How can you balance conflicting dietary advice for diabetes and kidney disease?
If you have both diabetes and kidney disease, it may often seem that the diet advice you receive for one of them contradicts the advice you receive for the other. For example, for diabetes you are advised to choose whole grains more often, but the kidney diet recommends white bread. Whole grains are higher in potassium and phosphorus, which means you should choose white bread to replace the amount of whole grain bread recommended in your diabetes diet. Ultimately, it is the total amount of carbohydrates that matters most in managing blood sugar, regardless of the type of carbohydrate. It may be challenging but with careful planning, you can follow your kidney diet and still manage your blood sugar.
What are the foods that you need to careful of with kidney disease?
Some foods that you can eat in unlimited amounts when only managing diabetes need to be restricted on a kidney diet because they are high in potassium. These include foods like broccoli, spinach and brussels sprouts. There are, however, some tricks to help reduce the amount of potassium in some of your favourite vegetables, such as potatoes. Soak the vegetable in a pot with a large amount of water for at least 6 hours or overnight, then rinse with fresh water and drain. Use fresh water for cooking. Even if you choose low-potassium foods, but eat large portions, you may still be consuming too much potassium; knowing the recommended portion amount is very important. Having potassium levels that are too high can be dangerous for your heart. Your dietitian can help you identify which foods contain potassium, so you can make the best choices for you.

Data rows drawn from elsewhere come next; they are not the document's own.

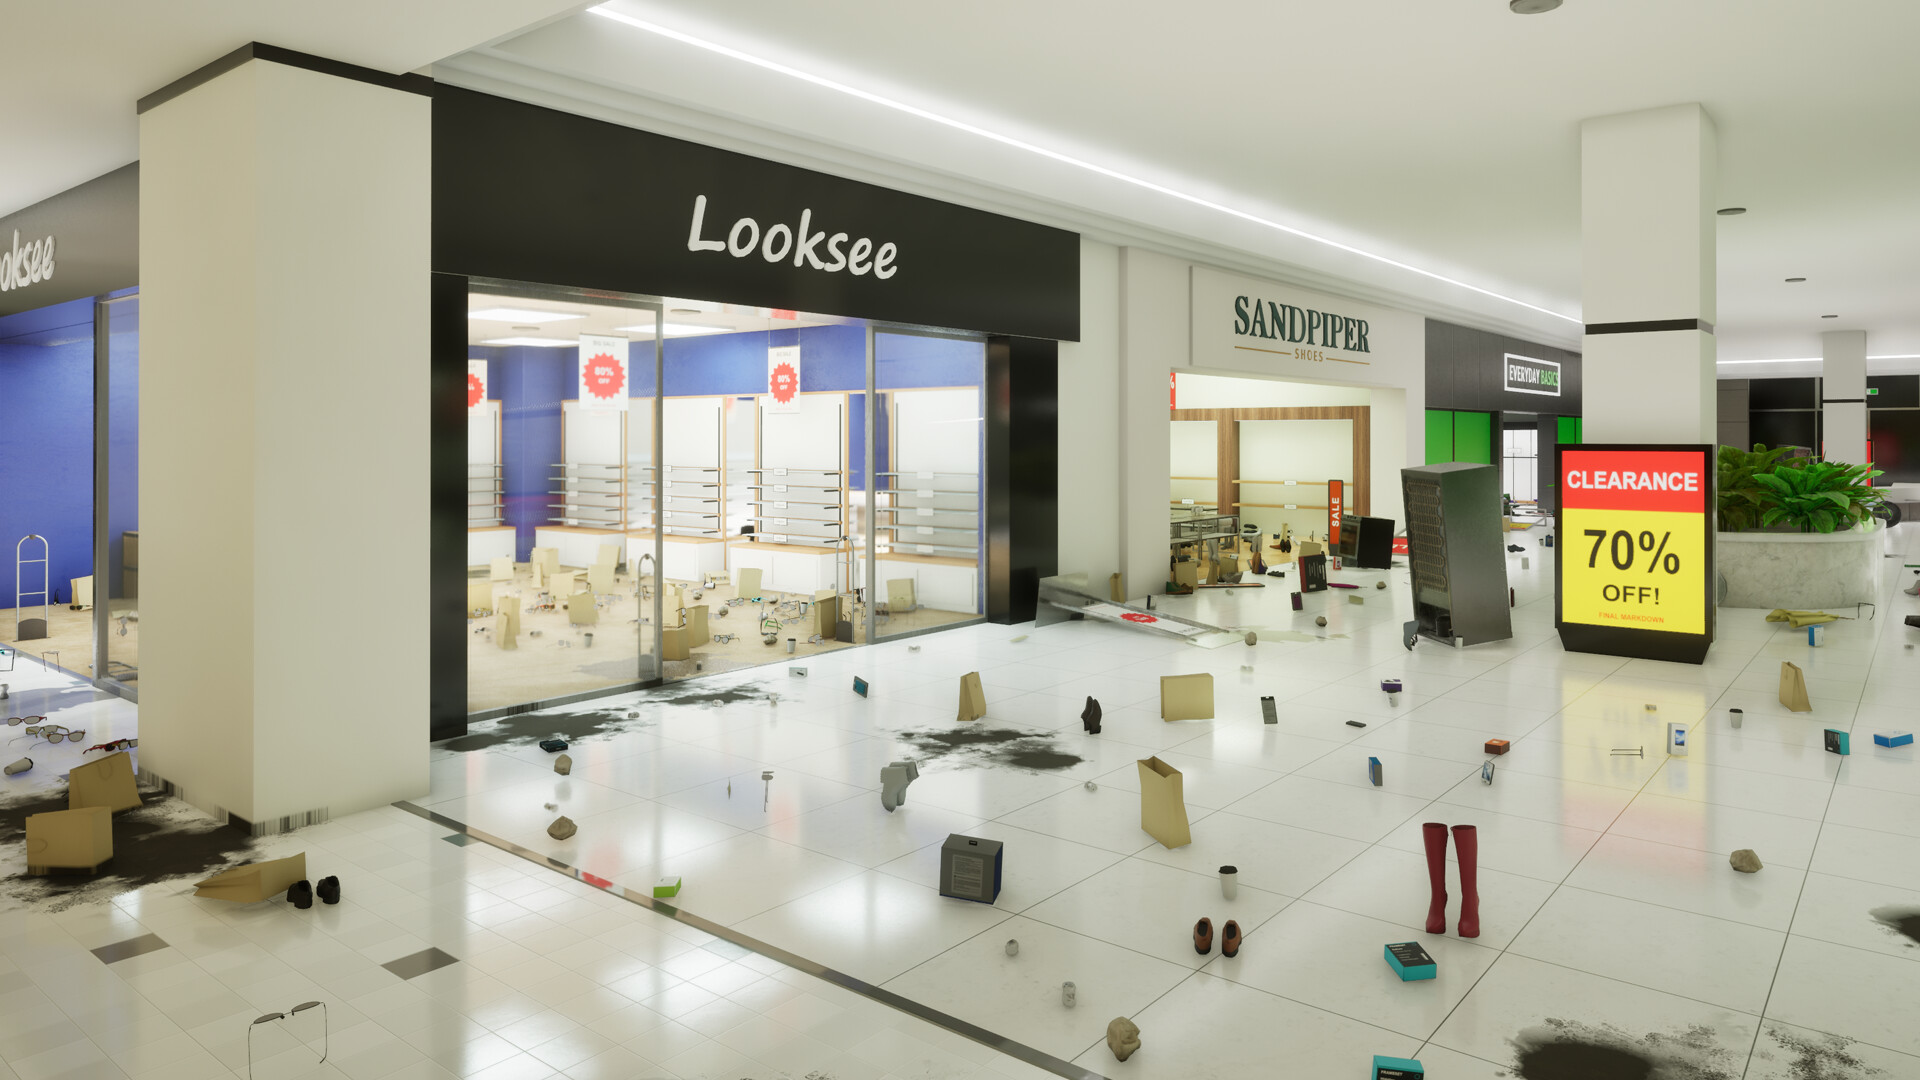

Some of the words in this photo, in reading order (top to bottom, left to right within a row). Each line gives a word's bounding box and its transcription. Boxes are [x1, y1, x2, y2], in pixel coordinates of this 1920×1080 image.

[687, 194, 898, 280] Looksee
[0, 228, 56, 291] oksee
[1234, 295, 1371, 354] SANDPIPER
[1294, 347, 1324, 363] SHOES
[594, 366, 615, 377] 80%
[1509, 364, 1541, 385] EVERYDAY
[1540, 369, 1559, 387] BASICS
[1567, 470, 1699, 492] CLEARANCE
[1331, 497, 1340, 527] SALE
[1584, 529, 1680, 575] 70%
[1602, 584, 1660, 605] OFF!
[1598, 611, 1618, 620] FINAL
[1621, 613, 1665, 624] MARKDOWN

People with kidney disease are often advised to reduce phosphorus in their diet. Although you may be taking phosphate binders as prescribed by your kidney doctor, you will need to reduce how much phosphorus you get from your food. Your dietitian can advise you how many servings of dairy products to include in your meal plan. You will also want to read ingredient lists and avoid phosphate additives, such as sodium phosphate and phosphoric acid, which are found in processed foods.

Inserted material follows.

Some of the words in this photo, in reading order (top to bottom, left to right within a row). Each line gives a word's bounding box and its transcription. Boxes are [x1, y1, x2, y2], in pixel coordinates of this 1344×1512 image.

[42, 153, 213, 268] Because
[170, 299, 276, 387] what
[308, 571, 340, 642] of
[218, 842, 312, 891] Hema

Your kidneys are responsible for managing the amount of sodium in your body. Eating too much sodium (salt) can increase your blood pressure and cause water retention, putting stress on your heart and kidneys and making them work harder. Most of the salt we eat comes from processed foods. Read labels carefully and choose foods with less than 5% daily value for sodium. It also helps to cook with little or no salt and to remove the salt shaker from the table.

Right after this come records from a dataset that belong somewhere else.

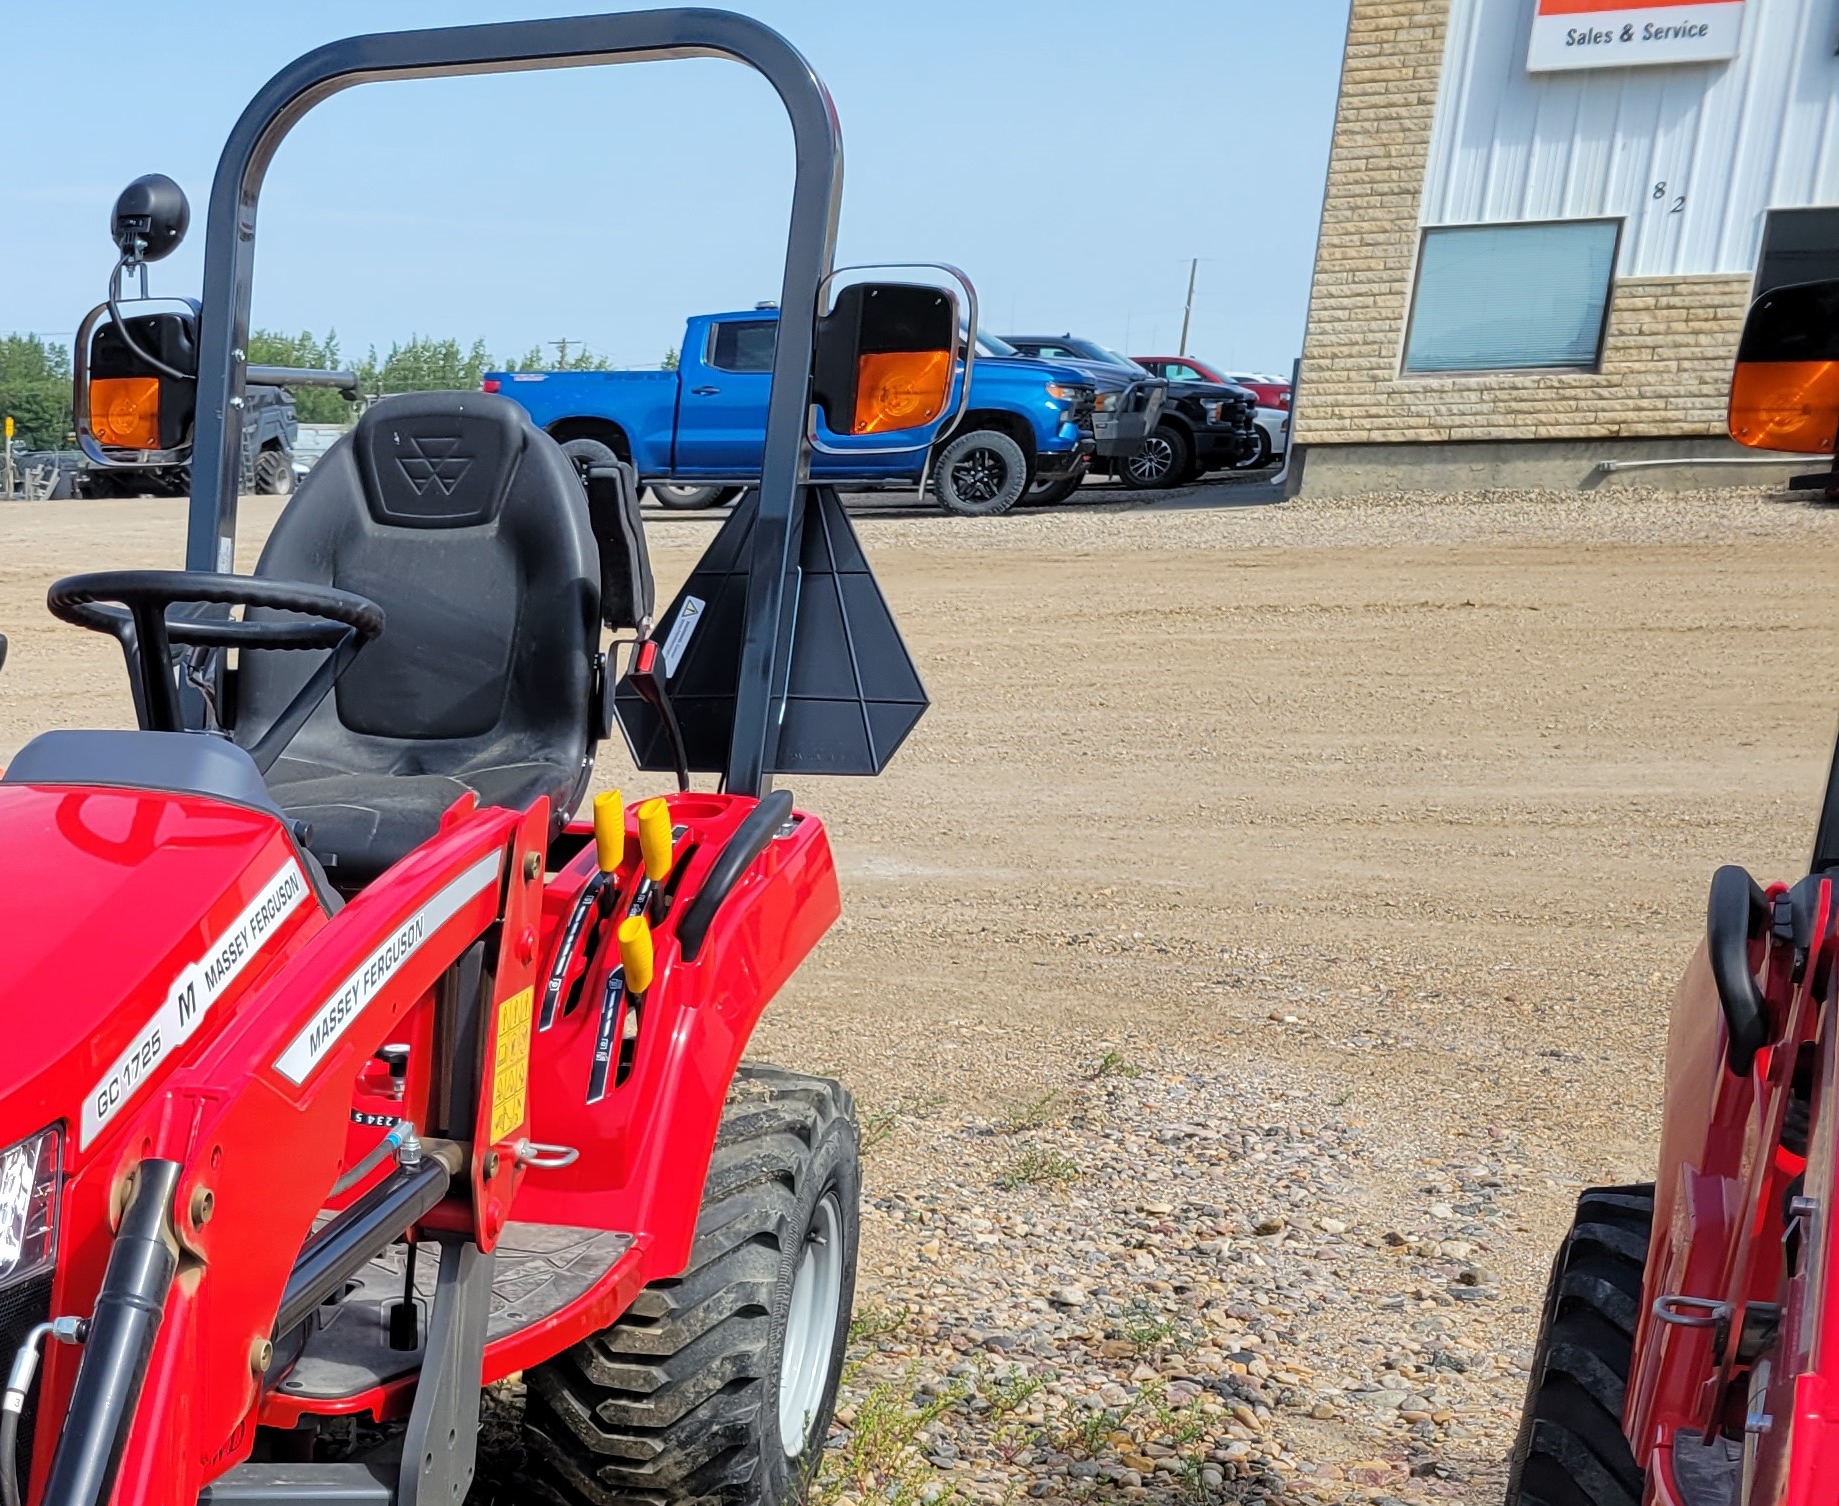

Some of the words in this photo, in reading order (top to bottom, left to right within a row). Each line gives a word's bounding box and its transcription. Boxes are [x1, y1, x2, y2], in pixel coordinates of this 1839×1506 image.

[1565, 27, 1613, 47] Sales
[1619, 23, 1635, 43] &
[1641, 20, 1709, 41] Service
[96, 1077, 120, 1119] GC
[122, 1028, 161, 1088] 1725
[204, 926, 250, 992] MASSEY
[249, 872, 300, 941] FERGUSON
[309, 979, 360, 1057] MASSEY
[363, 915, 424, 995] FERGUSON

For diabetes, the nutrient of most concern is carbohydrate. Protein gets less attention because it has little impact on blood sugar; however, with kidney disease, the amount of protein your body needs depends on the level of your kidney function as well as how the kidney disease is being treated. Your healthcare team can help you figure out whether you require more protein or less protein in your diet.
Why is fluid management important?
In addition to the above nutrients, people with kidney disease may also have to restrict their fluid intake. Managing your blood sugar and the amount of salt in your diet is very important as it can help to decrease thirst and control fluid intake. Drinking more fluid than prescribed can cause shortness of breath and swelling in your legs, feet and hands.
Creating a meal plan that helps you manage diabetes and kidney disease can be a challenge. Remember, your registered dietitian and the rest of your healthcare team are there to guide you.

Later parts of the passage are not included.